Image-backed grounding data:
───

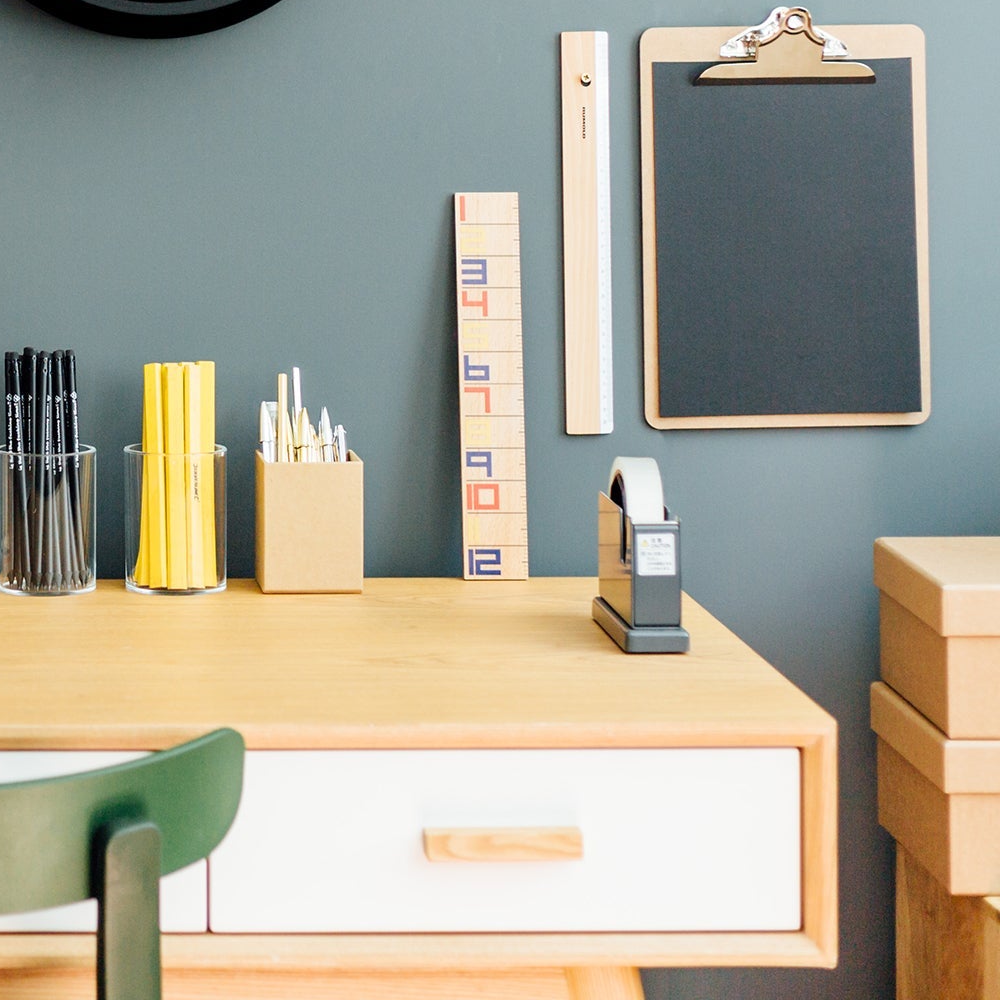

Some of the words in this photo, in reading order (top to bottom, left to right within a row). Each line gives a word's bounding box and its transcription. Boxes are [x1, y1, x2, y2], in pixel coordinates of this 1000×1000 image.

[459, 195, 466, 222] 1
[461, 259, 488, 285] 3
[462, 291, 488, 317] 4
[464, 387, 491, 413] 7
[466, 451, 492, 478] 9
[466, 483, 500, 511] 10
[468, 548, 502, 576] 12
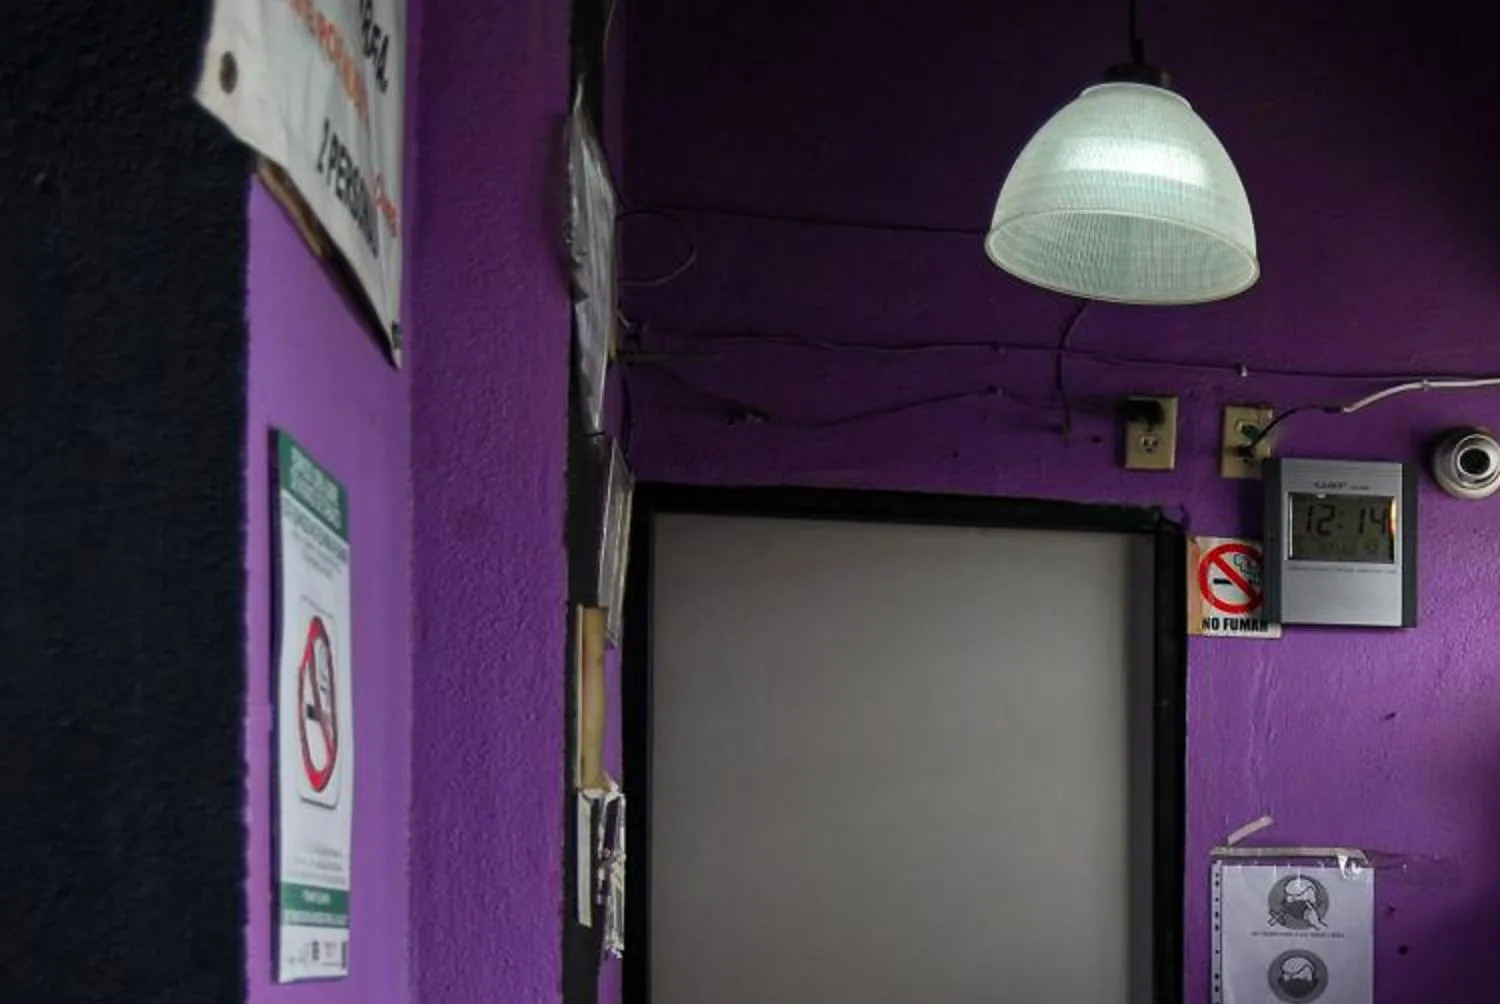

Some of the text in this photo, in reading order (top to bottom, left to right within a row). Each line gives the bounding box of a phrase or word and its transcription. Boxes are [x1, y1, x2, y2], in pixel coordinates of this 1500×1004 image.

───

- Your instructions -
Output all the entries exactly, minus any pictures.

- Response box -
Some of the words in this photo, in reading order (top to bottom, left to right within a row). Each line gives a word's bounding box and its transcription. Boxes are [x1, y1, x2, y2], in pixel coordinates of this 1000×1000 image.

[459, 195, 466, 222] 1
[461, 259, 488, 285] 3
[462, 291, 488, 317] 4
[464, 387, 491, 413] 7
[466, 451, 492, 478] 9
[466, 483, 500, 511] 10
[468, 548, 502, 576] 12

Some of the text in this photo, in reading order (top to bottom, left to right within a row). Each line gives the bounding box of a phrase or word and its transcription. Boxes are [x1, y1, x2, y2], in pixel coordinates of this 1500×1004 image.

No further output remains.